Weapons and armour are two different sides of the same coin. These are physical items which are used in the performance of the art. Much can be done to determine which armour and weapons are used and thus increase safety, but regardless of the stipulations of the armour and weapons they still only cover so much. It is the combatant who wears the armour and uses the weapons which should be the focus. Thus the control of the combatants.
ControlControl which is an element which must come from within the student rather than being enforced externally. The way to do this is to have it trained into the students. This means that it must become an element in each lesson. Control must be emphasised in the curriculum that the students are learning. This is the only way that it will become an essential part of them as fencers.
While there does not need to be a specific lesson or lessons on control, it needs to be highlighted in the lessons which are taught. Even such simple elements such as footwork have an element of control to them. Feet need to be placed in the correct positions and the body needs to be moved in a particular manner and with control. This element is obviously required in any element of offensive actions to ensure that they are controlled and delivered properly.
The focus on control lays a better foundation for safety for the student and indeed the organisation of which the student is a part. What is even better is that the more that this is emphasised in early lessons, the more that it will grow. Control is something which increases with experience and practice should the trainers put enough emphasis on it.

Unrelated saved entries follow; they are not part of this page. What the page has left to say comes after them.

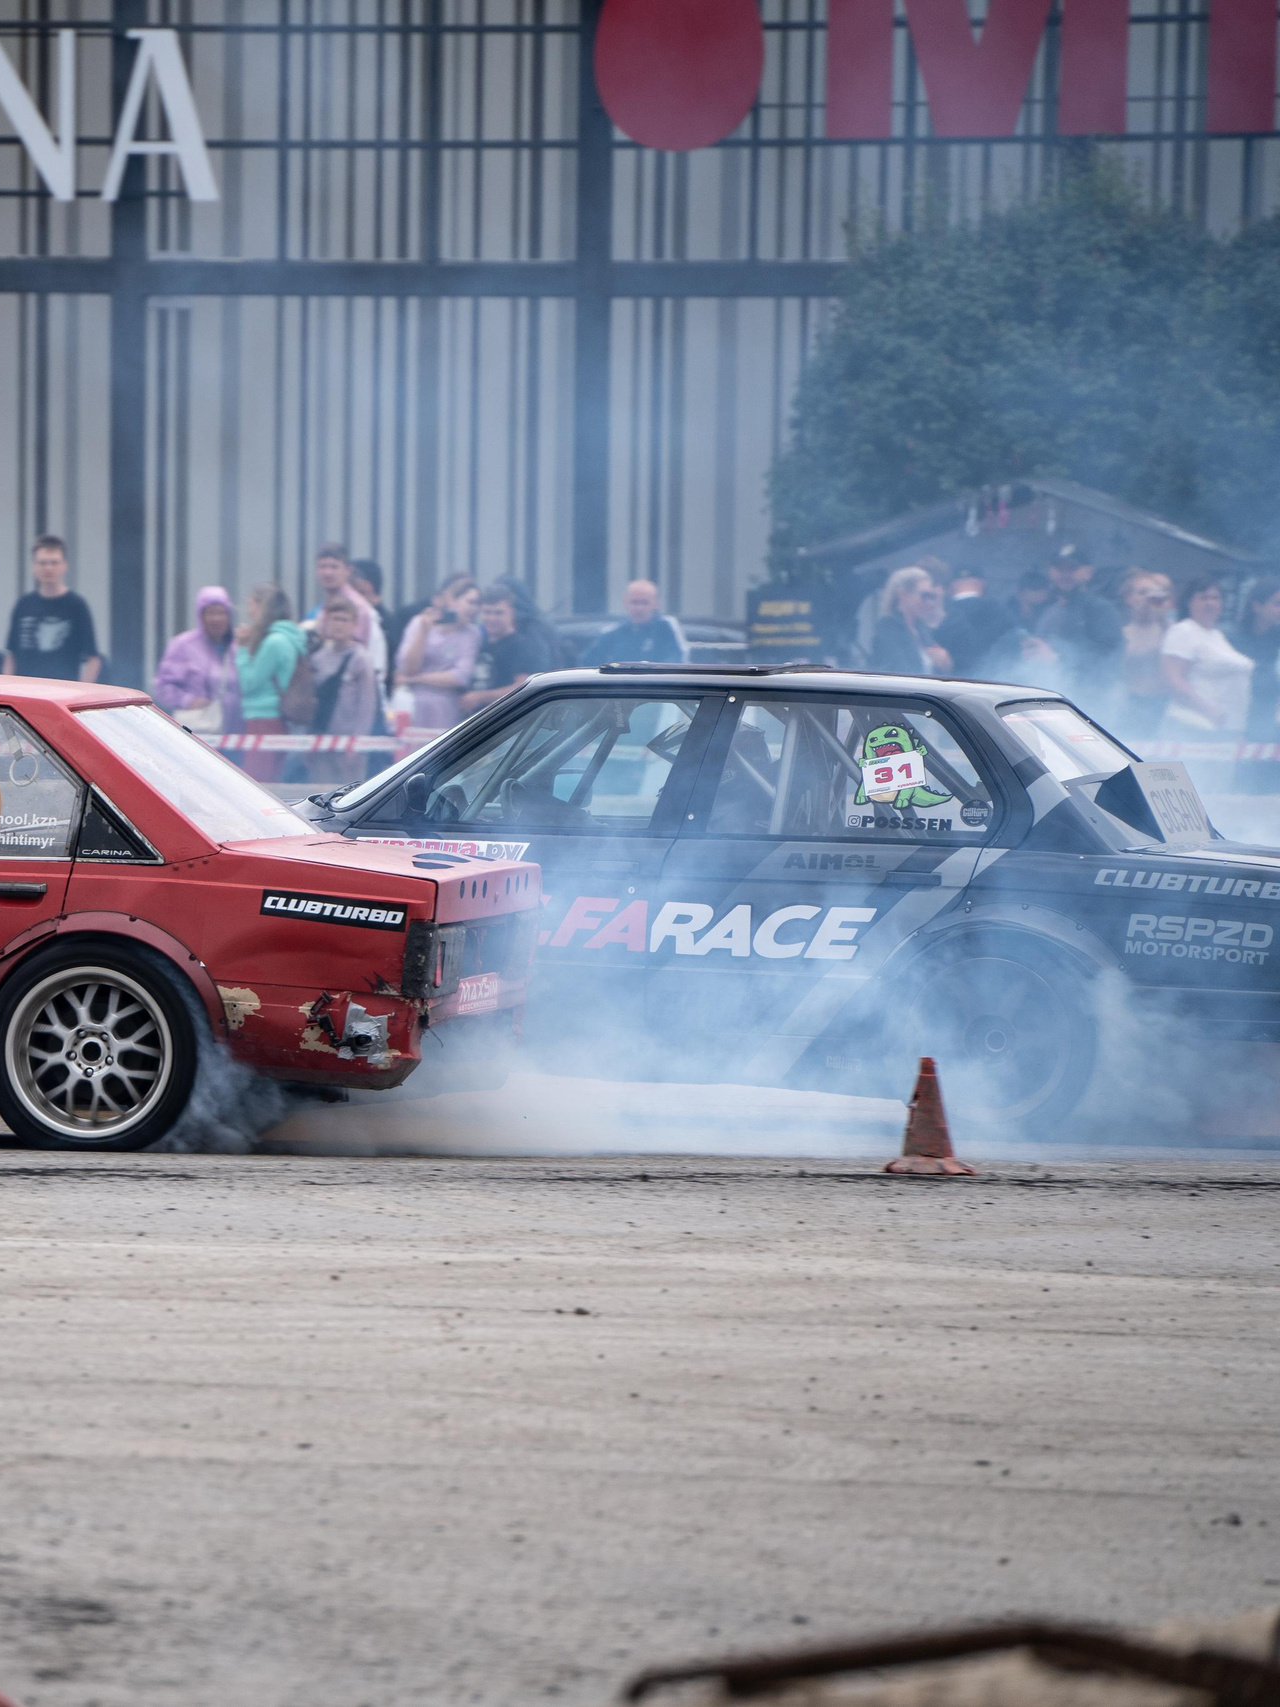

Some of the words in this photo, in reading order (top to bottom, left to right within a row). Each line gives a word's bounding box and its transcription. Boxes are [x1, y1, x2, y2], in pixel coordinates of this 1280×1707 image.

[874, 763, 912, 784] 31
[861, 816, 953, 832] POSSSEN
[81, 848, 132, 857] CARINA
[783, 853, 880, 871] AIMOL
[263, 896, 405, 925] CLUBTURBO
[1127, 913, 1274, 949] RSPZD
[1124, 940, 1270, 965] MOTORSPORT

The question of armour vs weapons and calibration is solved by control being an important part of the student's training. Should the students have control they will not have the issues of calibration as their attacks will be controlled in their delivery and thus for the most part should arrive with the correct amount of impact for the system being taught. Should the element of control become a normal and integral part of training a student with control can pick up armour and weapon failures and thus avoid instances of danger. Thus control should be the primary safety element.

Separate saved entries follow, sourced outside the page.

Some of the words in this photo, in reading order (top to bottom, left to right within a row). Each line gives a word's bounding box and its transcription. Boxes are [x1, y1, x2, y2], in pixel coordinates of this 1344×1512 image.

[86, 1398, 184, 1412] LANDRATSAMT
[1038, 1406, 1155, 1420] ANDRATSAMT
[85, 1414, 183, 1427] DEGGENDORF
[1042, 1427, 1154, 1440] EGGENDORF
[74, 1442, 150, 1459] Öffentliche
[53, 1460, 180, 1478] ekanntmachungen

Responsibility to the ArtWhether it is recognised or not, each practitioner/swordsman/fencer has a responsibility to the art that they need to take very seriously. Each time a weapon is picked up this responsibility comes into effect. The actions of a single person wielding a weapon can have effects far beyond any single blow delivered, or gesture made.

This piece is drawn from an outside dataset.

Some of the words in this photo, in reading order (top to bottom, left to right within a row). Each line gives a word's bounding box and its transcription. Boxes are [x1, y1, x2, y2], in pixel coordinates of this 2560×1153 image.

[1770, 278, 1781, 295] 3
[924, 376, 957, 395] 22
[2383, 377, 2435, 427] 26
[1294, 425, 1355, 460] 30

Each individual who involves him or herself in fencing in any form be it sport, historical, Eastern or Western takes upon themselves the responsibility to see that the art survives. In this they take upon themselves the responsibility to represent the art that they are demonstrating in a good way. Should this not be adhered to they put under threat the entire community. A single act of an individual wielding a sword can have repercussions affecting not only themselves but the wider community.
Every time you pick up a weapon you must ensure that you do your best not to injure your opponent, yourself or anyone who may be standing by. To fail in this places the art under threat of extinction. Already forces have been put in place which restrict access to the weapons of our art and where we can use them This is the result of an individual using the weapons with no consider for the repercussions that will result from their actions. Do not be one of these individuals.
Keep it safe, keep it controlled. Control is the key to safety in the art that we practice. There is no safety measure, save not using the weapons at all, that has a higher degree of success and safety for yourself and your opponent. Ensure that your practice/bouts/meeting has no way of being interpreted as an offensive gesture to members of the public. Ensure that you are as safe as possible and you will fulfill your responsibility to the sword community at large.